Task description ▸ The records below need to be set down again exactly; their images stay out.
Data Block Start
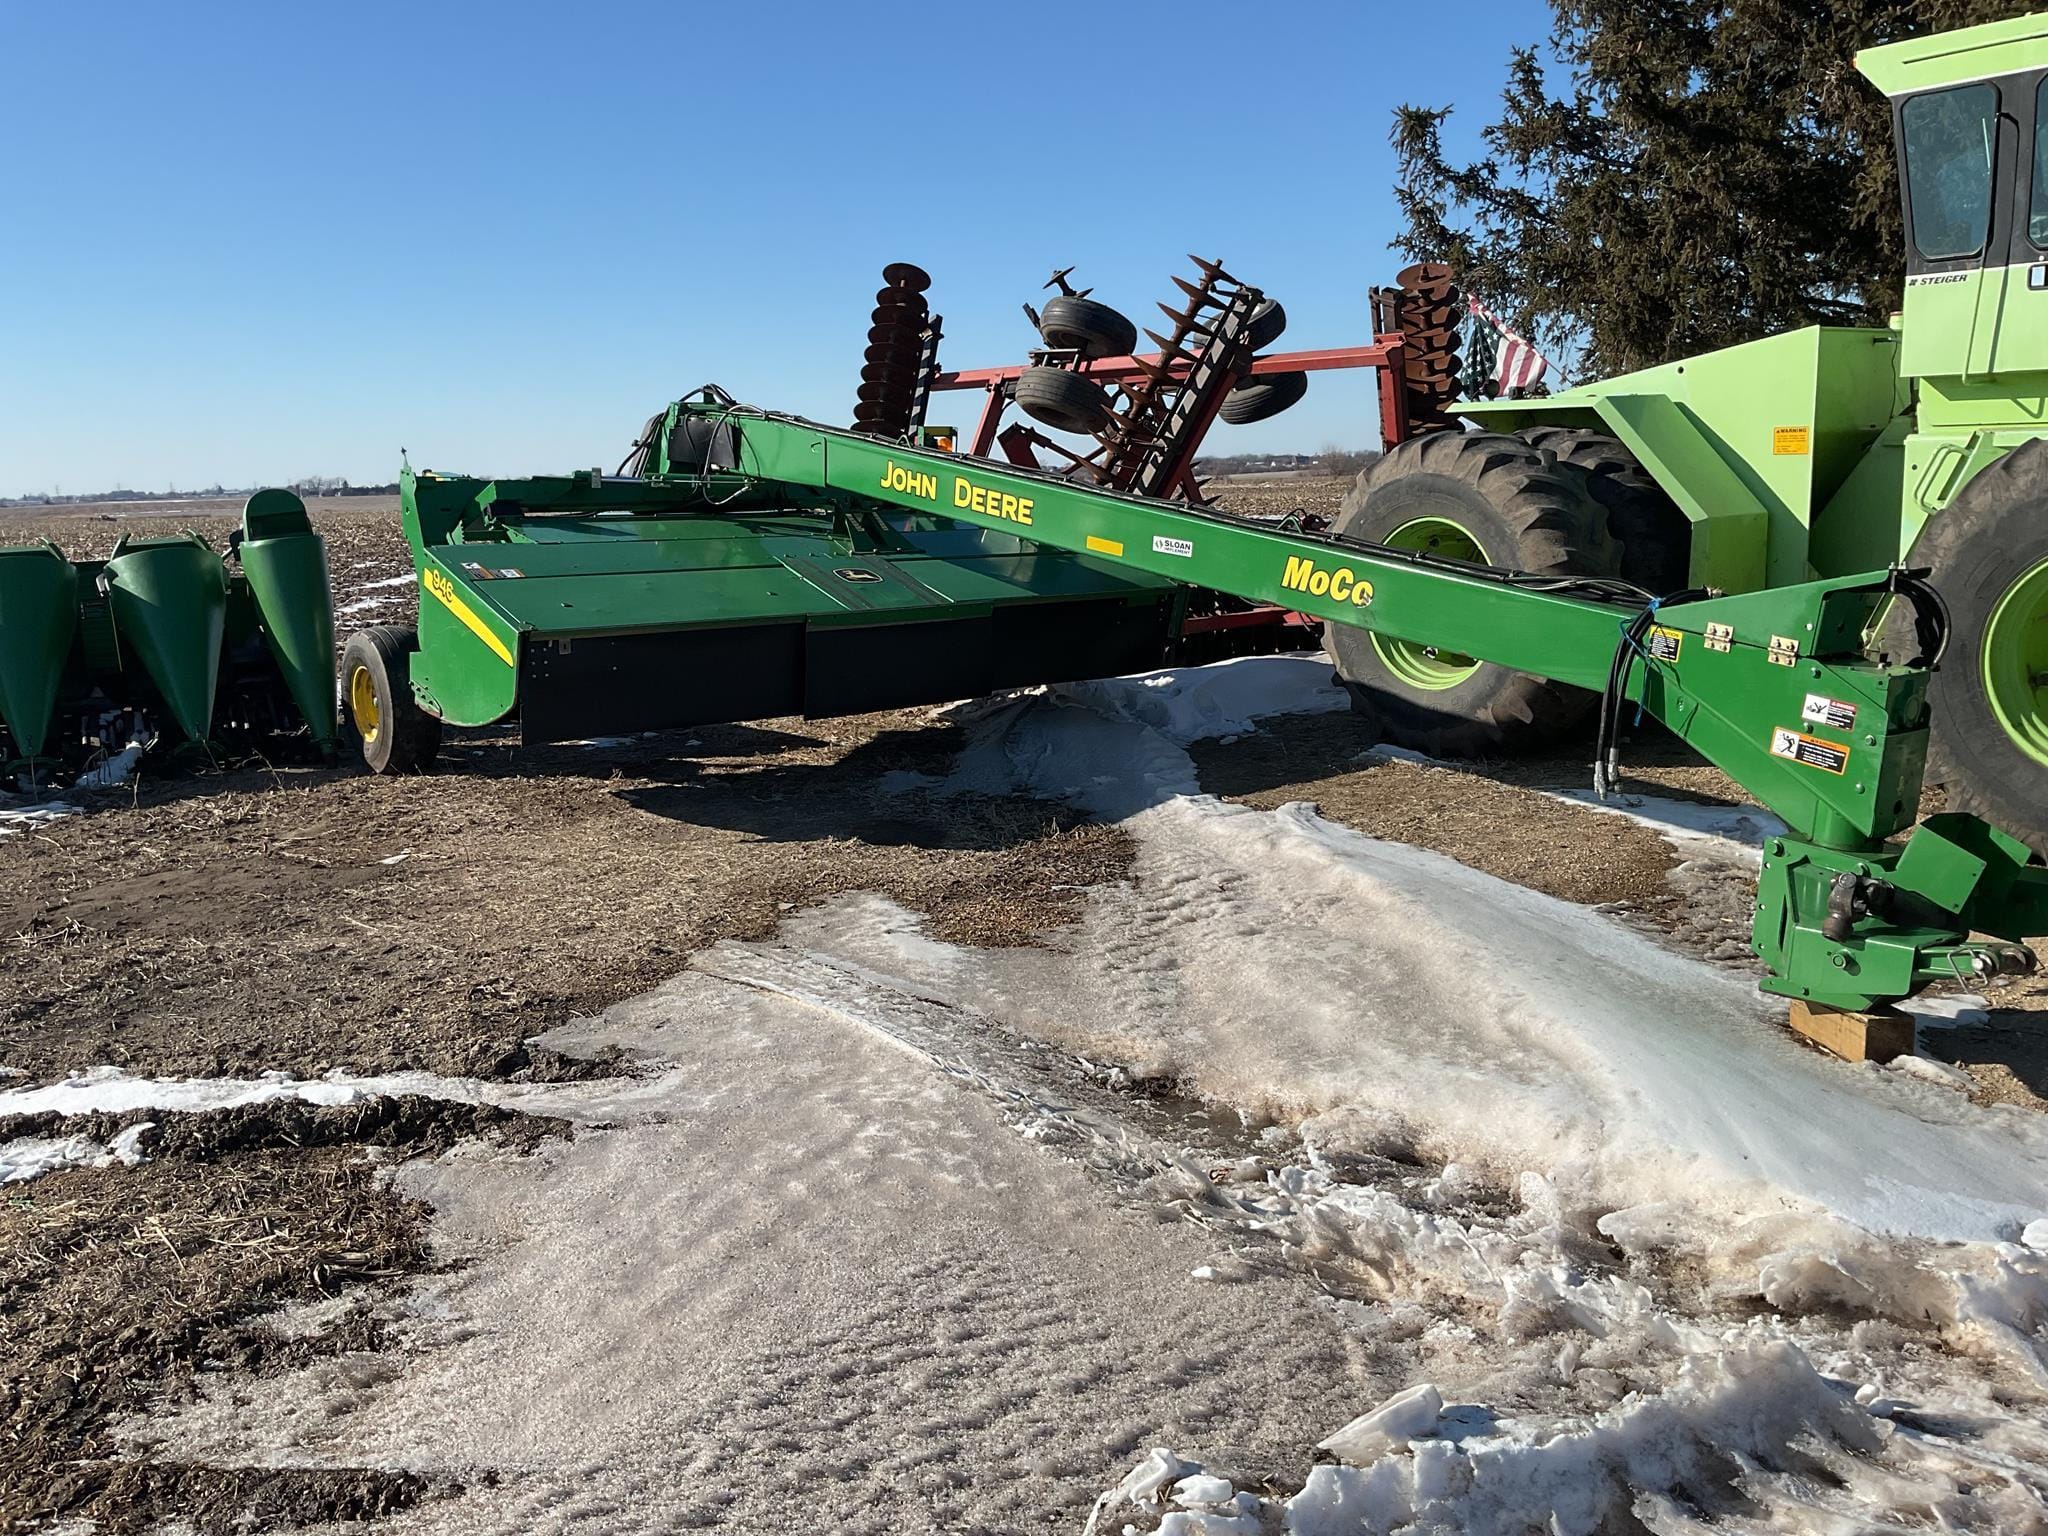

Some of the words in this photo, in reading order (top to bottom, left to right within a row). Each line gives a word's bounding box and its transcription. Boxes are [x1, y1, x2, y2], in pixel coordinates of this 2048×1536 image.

[1920, 275, 1968, 286] STEIGER
[880, 460, 937, 501] JOHN
[953, 477, 1034, 526] DEERE
[1164, 540, 1191, 550] SLOAN
[432, 569, 454, 603] 946
[1281, 555, 1374, 608] MoCo
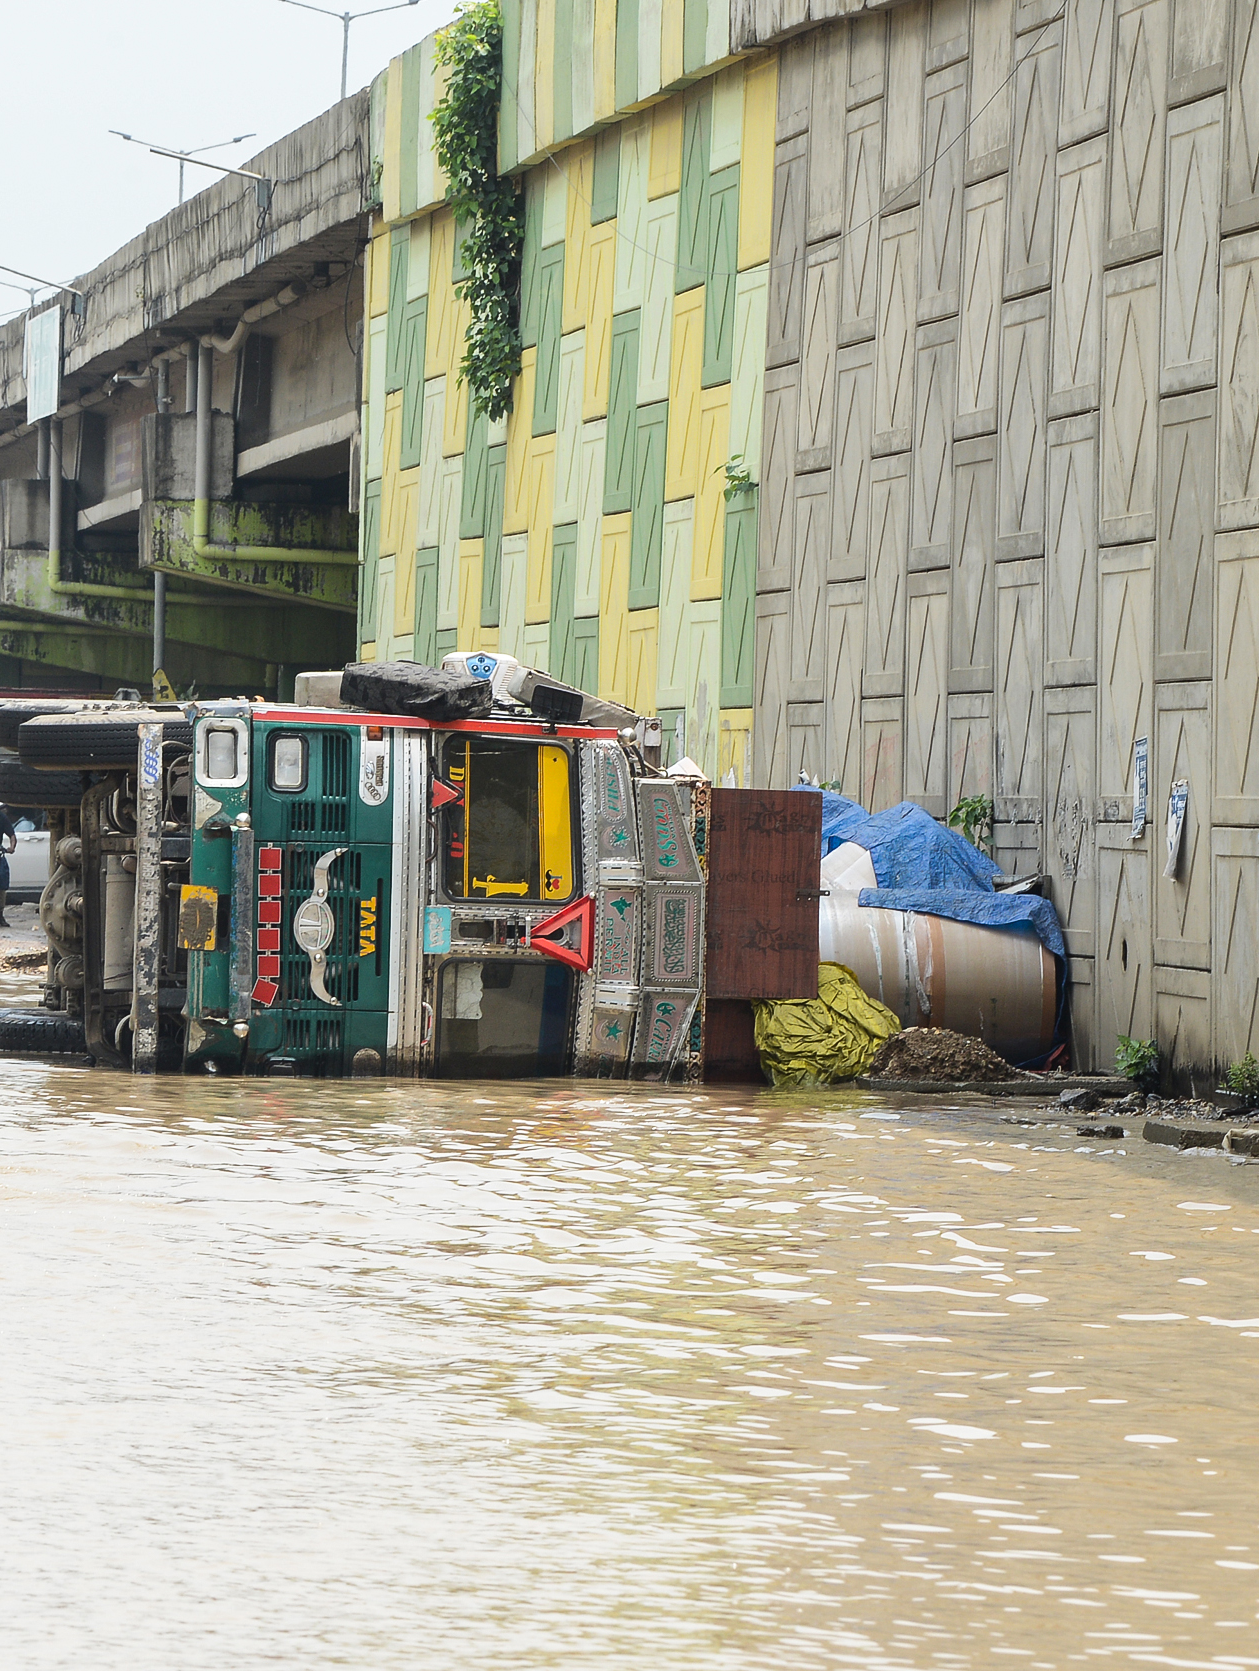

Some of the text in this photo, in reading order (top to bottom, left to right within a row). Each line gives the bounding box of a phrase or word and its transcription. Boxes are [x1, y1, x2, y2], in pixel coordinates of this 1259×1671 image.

[359, 896, 376, 957] TATA
[604, 917, 614, 973] PERMIT
[612, 936, 622, 975] INDIA
[620, 948, 629, 975] ALL
Data Block End
Task response ▸
Some of the words in this photo, in reading order (top to bottom, left to right within a row). Each line gives a word's bounding box and its transcription. Boxes are [x1, y1, x2, y2], in pixel coordinates of this 2048×1536 image.

[1920, 275, 1968, 286] STEIGER
[880, 460, 937, 501] JOHN
[953, 477, 1034, 526] DEERE
[1164, 540, 1191, 550] SLOAN
[432, 569, 454, 603] 946
[1281, 555, 1374, 608] MoCo

Some of the text in this photo, in reading order (top to bottom, left to right within a row). Each line gives the bounding box of a phrase or word and its transcription. Boxes are [x1, y1, x2, y2], in pixel coordinates of this 1259×1671 image.

[359, 896, 376, 957] TATA
[604, 917, 614, 973] PERMIT
[612, 936, 622, 975] INDIA
[620, 948, 629, 975] ALL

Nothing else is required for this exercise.